BEGIN Source data

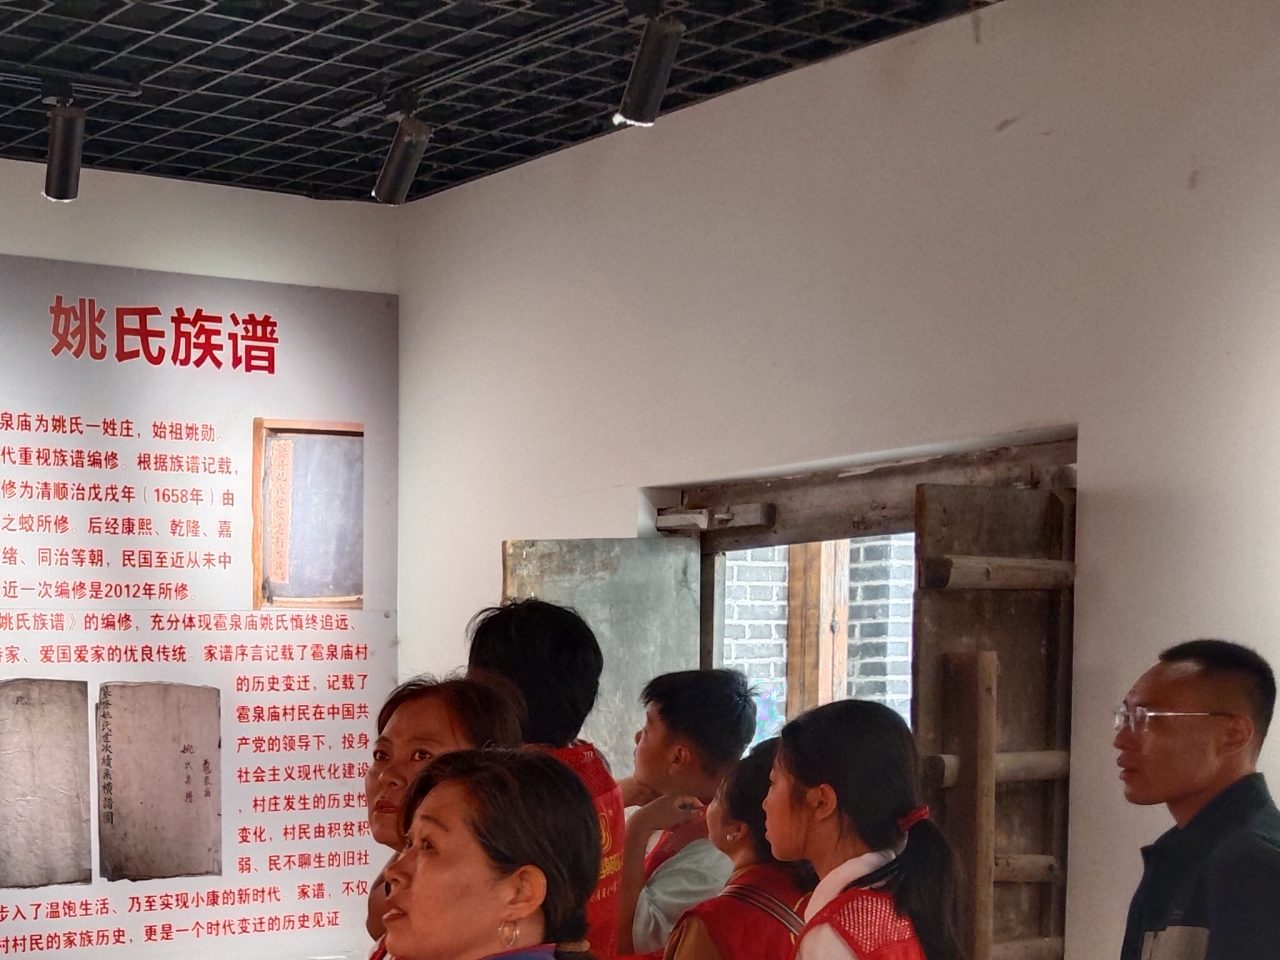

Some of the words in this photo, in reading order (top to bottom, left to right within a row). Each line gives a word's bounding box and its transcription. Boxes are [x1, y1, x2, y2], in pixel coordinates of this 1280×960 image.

[48, 294, 279, 375] 姚氏族谱
[235, 703, 370, 723] 雹泉庙村民在中国共
[236, 763, 370, 784] 社会主义现代化建设
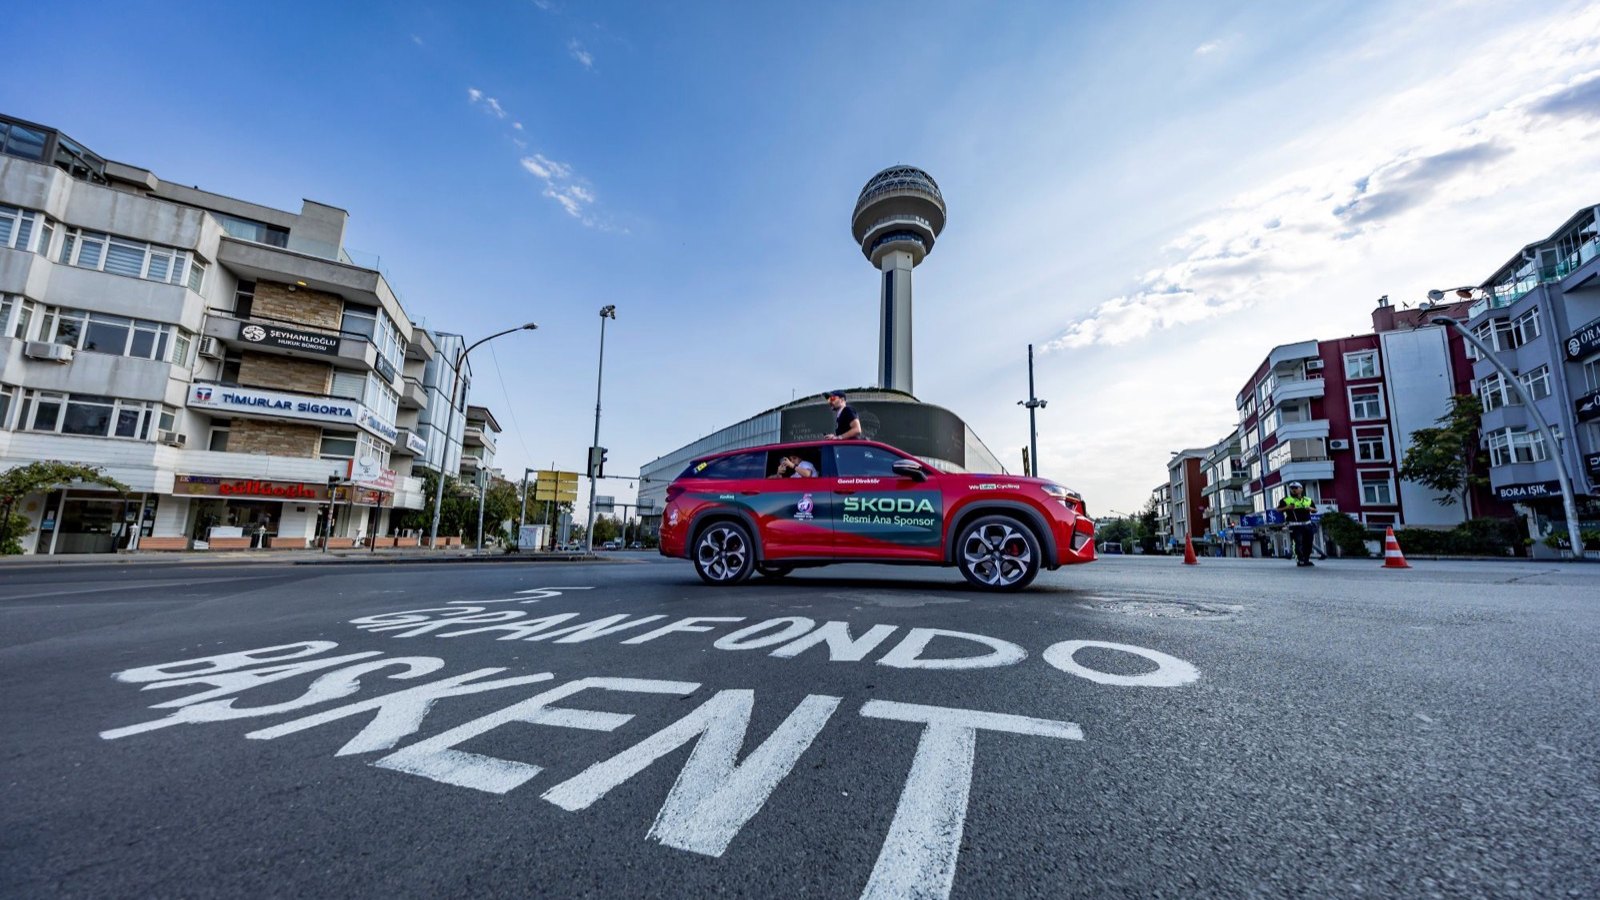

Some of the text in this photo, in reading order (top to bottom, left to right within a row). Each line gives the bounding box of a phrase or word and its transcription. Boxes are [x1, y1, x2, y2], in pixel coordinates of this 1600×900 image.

[278, 339, 300, 347] HUKUK
[222, 392, 353, 417] TİMURLAR SİGORTA
[1500, 487, 1527, 498] BORA
[1528, 484, 1547, 496] IŞIK
[843, 514, 935, 527] Resmi Ana Sponsor

END Source data

_Exercise directions:_
Please set the data above down exactly, with the pictures removed.

_Output:_
Some of the words in this photo, in reading order (top to bottom, left to right within a row). Each line gives a word's bounding box and its transcription. Boxes are [x1, y1, x2, y2], in pixel coordinates of this 1280×960 image.

[48, 294, 279, 375] 姚氏族谱
[235, 703, 370, 723] 雹泉庙村民在中国共
[236, 763, 370, 784] 社会主义现代化建设

Some of the text in this photo, in reading order (top to bottom, left to right within a row). Each line gives the bounding box of a phrase or word and its transcription. Boxes are [x1, y1, x2, y2], in pixel coordinates of this 1600×900 image.

[278, 339, 300, 347] HUKUK
[222, 392, 353, 417] TİMURLAR SİGORTA
[1500, 487, 1527, 498] BORA
[1528, 484, 1547, 496] IŞIK
[843, 514, 935, 527] Resmi Ana Sponsor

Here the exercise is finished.